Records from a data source
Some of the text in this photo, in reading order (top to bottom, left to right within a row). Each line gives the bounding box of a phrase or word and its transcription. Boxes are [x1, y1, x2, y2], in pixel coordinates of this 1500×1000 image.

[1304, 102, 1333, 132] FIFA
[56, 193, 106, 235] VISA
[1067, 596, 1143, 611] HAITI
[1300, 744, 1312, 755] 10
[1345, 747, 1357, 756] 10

Required work: Transcribe the data. Leave every line exactly as it is.

Your response:
Some of the text in this photo, in reading order (top to bottom, left to right within a row). Each line gives the bounding box of a phrase or word and its transcription. Boxes are [x1, y1, x2, y2], in pixel coordinates of this 1500×1000 image.

[1304, 102, 1333, 132] FIFA
[56, 193, 106, 235] VISA
[1067, 596, 1143, 611] HAITI
[1300, 744, 1312, 755] 10
[1345, 747, 1357, 756] 10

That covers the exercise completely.